Les médias ne parlent déjà plus que du Bac, cet examen un rien suranné que, pourtant, une grande partie des français continuent de passer chaque année avec la même discipline, le même stress, la même conscience que quelque chose de vraiment important est en train de se passer, que ses parents avant soi ont connu, que ses enfants connaîtront peut-être. C’est au mois de mai que tout s’agite soudainement, qu’on réalise avec effroi qu’il ne reste plus que 19 jours avant la date fatidique.
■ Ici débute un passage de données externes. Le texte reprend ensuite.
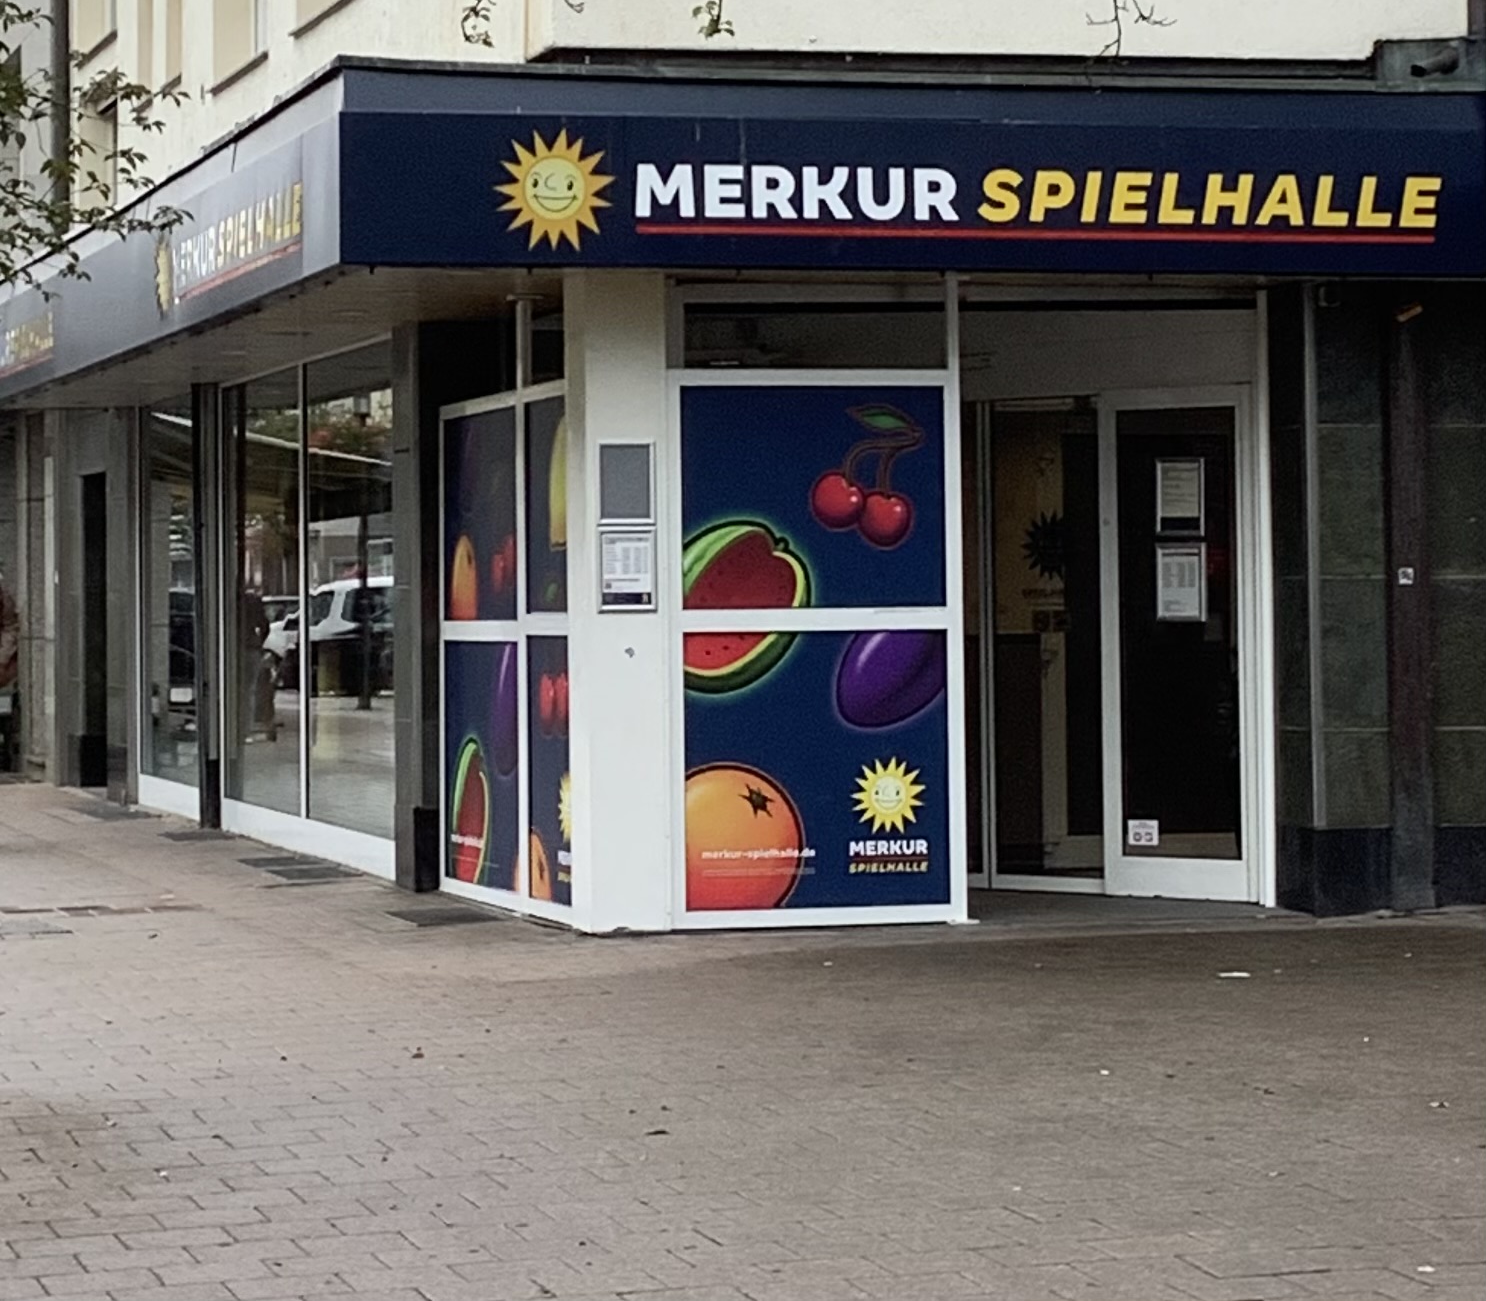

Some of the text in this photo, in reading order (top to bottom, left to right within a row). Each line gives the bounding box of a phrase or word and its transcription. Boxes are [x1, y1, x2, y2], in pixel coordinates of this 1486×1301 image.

[635, 163, 1442, 229] MERKUR SPIELHALLE
[701, 848, 816, 860] merkur-spielhalle.de
[849, 839, 929, 856] MERKUR
[848, 861, 929, 874] SPIELHALLE
Alors on s’installe devant ce bureau tant de fois ignoré pour aller refaire le monde au bistrot du coin en fumant clope sur clope devant un unique café payé 5,50 Francs, une fortune. Et c’est devant une fenêtre béante, au son des oiseaux, qu’on ouvre enfin ses cahiers grands formats grands carreaux, ses annales du Bac, ses profils de l’œuvre, qu’on ressort ses bacs blancs, et qu’on consigne tout ça sur des fiches Bristol colorées format A5. Ces fiches, on les feuillettera ensuite avec l’énergie du désespoir, celui de ne pas avoir su retenir au fur et à mesure ces putain de formules mathématiques que l’on n’a même plus le temps de chercher à comprendre. C’est le dos à ce même bureau que, lors de chaudes soirées de fin de printemps, on se fera fatalement happer par un match à rallonge de Roland Garros – sponsor officiel de l’échec aux examens -, hypnotisé par la terre ocre, pleurant d’émotion devant des victoires à l’arrachée d’un Agassi revenu de l’enfer, tutoyant à nouveau les Dieux de la petite balle jaune. Allez, encore un jeu et je m’y remets !
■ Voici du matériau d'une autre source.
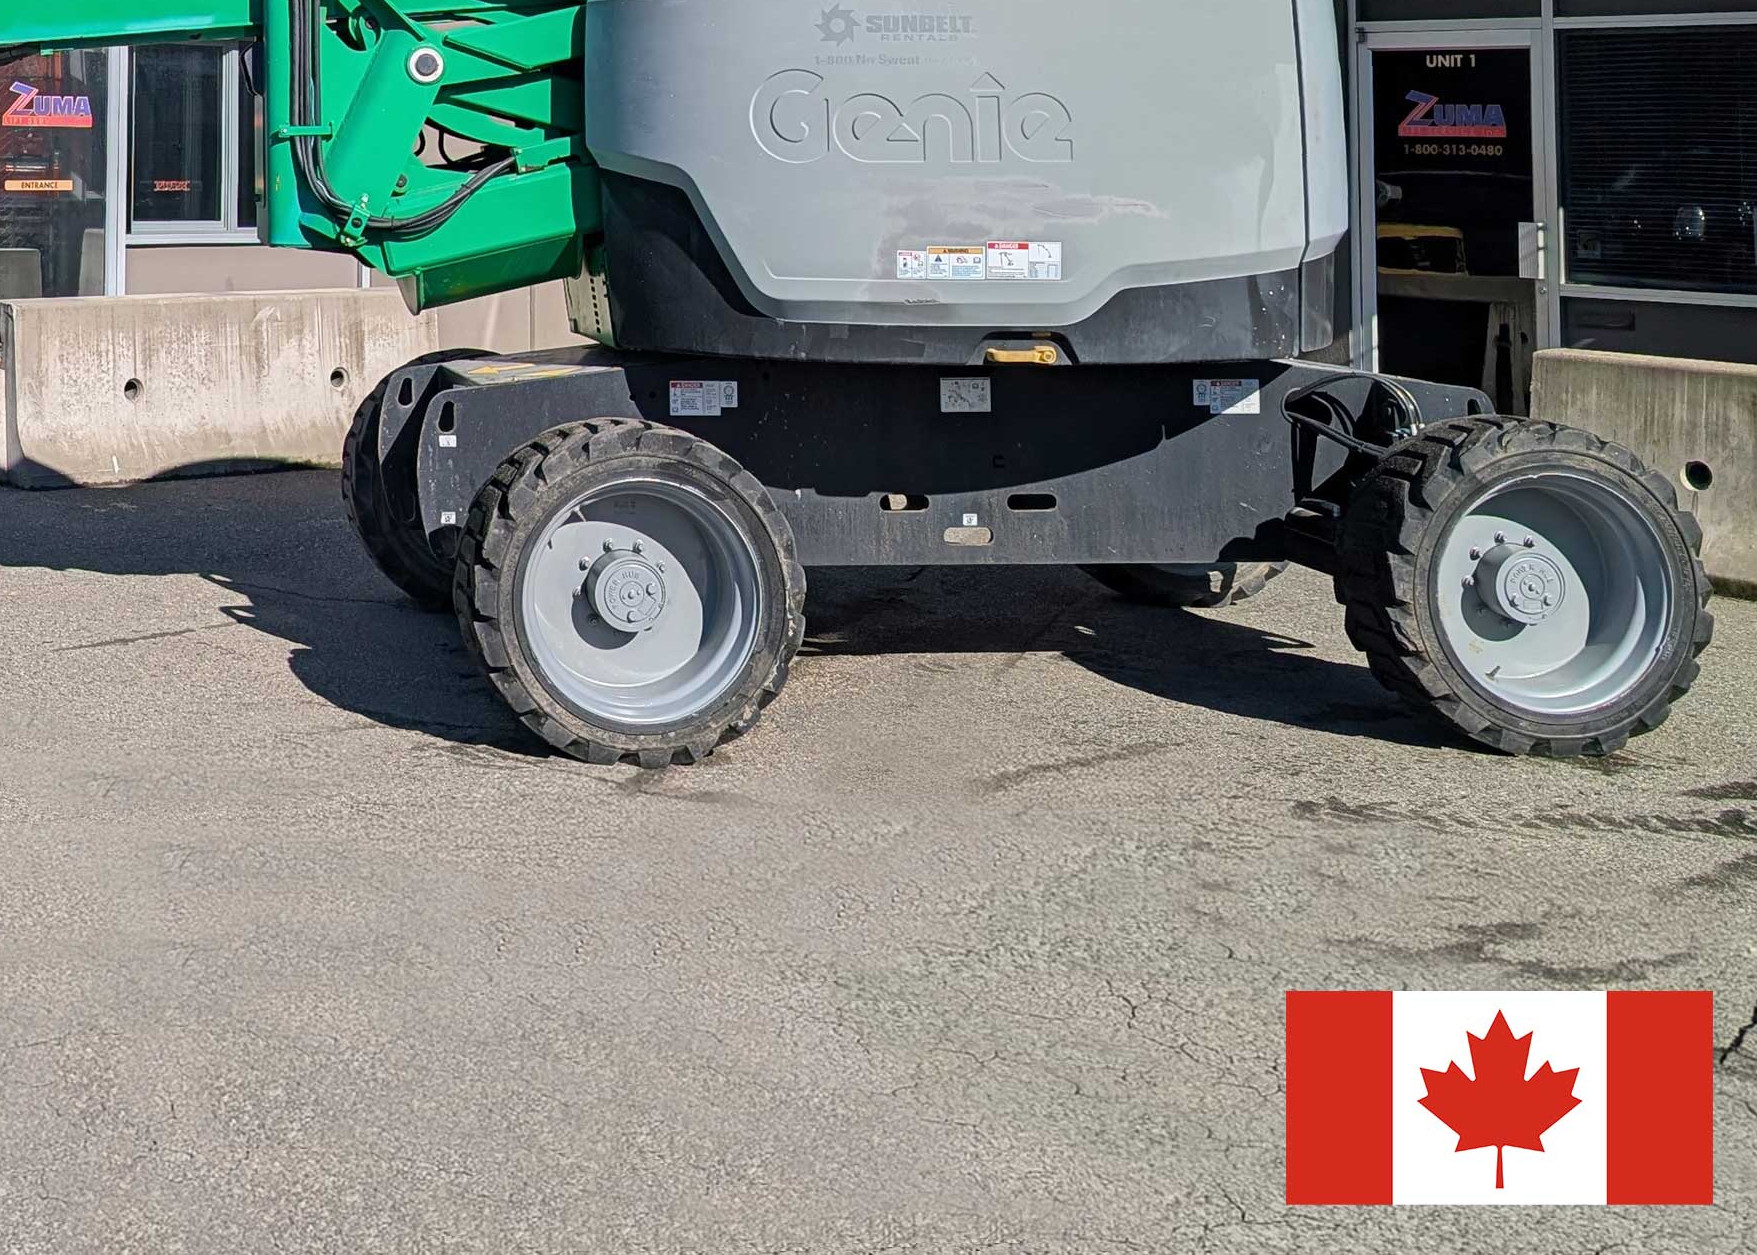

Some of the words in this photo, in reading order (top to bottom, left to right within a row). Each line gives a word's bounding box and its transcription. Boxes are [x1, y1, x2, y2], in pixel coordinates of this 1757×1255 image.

[865, 14, 973, 34] SUNBELT
[880, 33, 958, 42] RENTALS
[1425, 54, 1464, 68] UNIT
[1469, 53, 1476, 67] 1
[4, 81, 92, 116] ZUMA
[748, 67, 1073, 163] Genie
[1401, 89, 1506, 127] ZUMA
[1403, 144, 1503, 156] 1-800-313-0480
[20, 181, 59, 189] ENTRANCE
Les jours défilant, et alors qu’il devient manifestement impossible de faire machine arrière, c’est sur la cabine de la douche qu’on scotche la superficie de la Côte d’Ivoire (322 000 km2, jamais oublié) ou les noms des ministres de la IVe République, la tête pleine à craquer d’informations diverses et volumineuses, lesquelles commencent sérieusement à nous empêcher de dormir. A moins que ce ne soit tous ces Guronzan indigestes avalés chaque matin avant les « barres mémoires » magiques achetées par maman (« j’sens rien, il marche p’têtre pas, le mien ? »).
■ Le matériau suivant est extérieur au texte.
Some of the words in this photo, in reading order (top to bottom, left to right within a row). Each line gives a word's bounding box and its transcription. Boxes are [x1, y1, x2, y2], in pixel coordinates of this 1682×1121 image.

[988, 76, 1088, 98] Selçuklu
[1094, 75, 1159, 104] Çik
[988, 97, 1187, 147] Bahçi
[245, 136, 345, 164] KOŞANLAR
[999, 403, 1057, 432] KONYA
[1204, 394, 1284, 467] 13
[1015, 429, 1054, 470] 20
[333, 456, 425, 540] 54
Soudain grisé par le rythme quasi monastique imposé par ces révisions forcées, on se prend alors à apprécier avec un plaisir masochiste cette discipline militaire, de celles qui vous font vous sentir fier, dans les clous, le sentiment du devoir accompli comme après deux heures au Gymnase Club.
La veille du jour J, on mange avec ses parents ou sa mère s’ils sont divorcés. On réfléchit mille fois à l’heure à laquelle mettre son réveil à aiguilles. On tourne et retourne entre les draps, pas aidé par la moiteur de juin. On se relève pour checker qu’on a bien sa carte d’identité en carton beige (merde, un peu déchirée) et sa trousse Hervé Chapelier. Plume, effaceur, compas, criterium, rapporteur, gomme, cartouches, typex. Tout y est. Ouf.
Dans la voiture, le parent parle beaucoup. Cabrol donne la météo à la radio. On prend place dans la salle de classe inconnue de ce lycée qu’est dans un quartier où on n’a même jamais mis les pieds. Les feuilles gris-blanc arrivent. On y écrit son prénom, son nom et son matricule, grave, dans le coin droit intimidant qu’il faut ensuite replier, lécher et coller.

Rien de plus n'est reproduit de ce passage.